The chief medical officer for Scanwell, Dr. Jack Jeng, said the company expects results from its clinical trials at the end of the month. It has been working on getting a EUA from the FDA since March and Jeng expects that to come through soon after clinical trial results are in.
>>Inside woodtv.com: Antibody testing could reveal if symptoms were COVID-19
There has been a lot of attention on serology, or antibody, tests, especially in light of recent studies that show not all of them are accurate. Jeng explained that the updated policy from the FDA will help weed out any tests that have not been proven reliable.
“It has to be at least 90% sensitive and 95% specific. These are minimum performance standards that did not previously exist. A lot of the tests that are currently being used under that old guidance rule would not meet that minimum standard,” Jeng said.
The World Health Organization recently stated that there is no proof that the presence of antibodies indicates immunity to COVID-19, the disease caused by the virus labeled SARS-CoV-2, but Jeng said that’s because there simply hasn’t been enough time to gather data. The virus has only been around five or six months.
His team is going over the data coming in from China and Italy and expects to see results from that, and studies in the U.S., by the time their at-home kit is available for purchase.
“For SARS and MERS, which are also coronaviruses, people tend to have immunity for at least two years.

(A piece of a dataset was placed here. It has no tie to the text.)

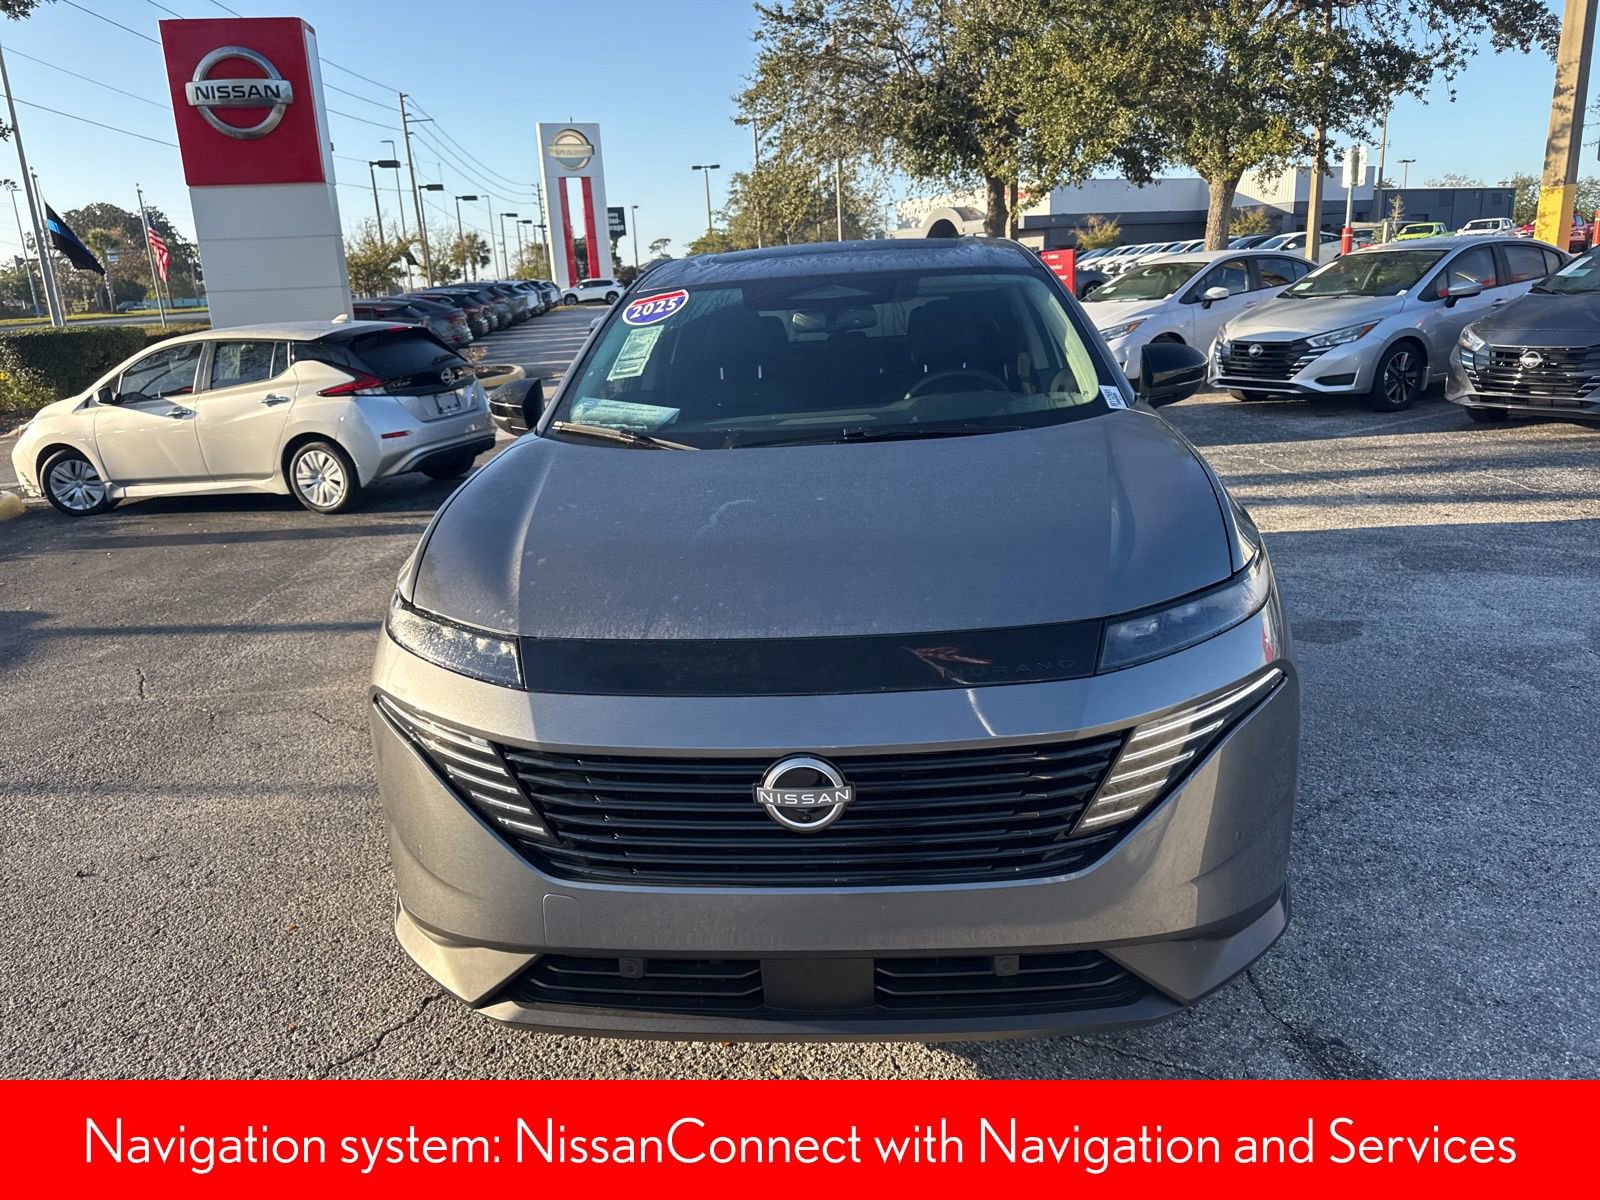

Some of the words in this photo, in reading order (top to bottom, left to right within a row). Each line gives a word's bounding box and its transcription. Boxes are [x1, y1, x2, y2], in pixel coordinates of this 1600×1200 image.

Other types of human coronaviruses that cause the common cold, people tend to have immunity for about six months, so our best guess right now is that you should have immunity once you have antibodies for anywhere from six months to two years, or maybe longer,” he said.
Serology tests already in use have shown it’s possible for someone to have a positive result from antibodies formed against a different type of coronavirus, including the one that causes the common cold, something called “cross-reactivity.”
“The manufacturer we’re working with has done those studies and shown that there was no cross-reactivity with the common coronaviruses, but we will replicate those studies to make sure these tests are as accurate as possible,” Jeng said.
The FDA is also formalizing the due diligence that manufacturers have already been doing to make the process more standardized.
Information from serology tests could provide more useful information, including about the true mortality rate of COVID-19. Jeng said they could also ultimately help doctors make decisions about who should get a vaccine once one becomes available.
“We’re not going to be able to vaccinate our entire population right off the bat. We’re going to have to prioritize people and these antibody tests can help us triage who should get the vaccinations first,” he explained.
In West Michigan, Dr. Laurie Birkholz has started offering antibody tests at her practice near Saugatuck. She told News 8 that she has conducted 350 tests in the last three weeks and 10 have come back positive. Most of those, she said, can be traced back to travel to a coronavirus hot spot or exposure to someone with COVID-19. She said she hasn’t yet seen evidence of community spread but expects that to change in coming weeks.
“The inpatient numbers are starting to increase in the hospitals suggesting increasing prevalence in our community,” Birkholz wrote in an email.
Jeng doesn’t see the at-home test as the only tool in the toolbox, but rather something that should be used in conjunction with other tests, a vaccine and antibody testing in labs. He said his fast, cheaper at-home test could prompt someone to move forward with a more expensive lab test.
“We need all these tests because this pandemic has caused an incredible amount of suffering, shutting down our economies, causing financial strains, and until we really have all these different tools available, we’re not really going to be able to get back to what we would consider a normal way of life,” Jeng said.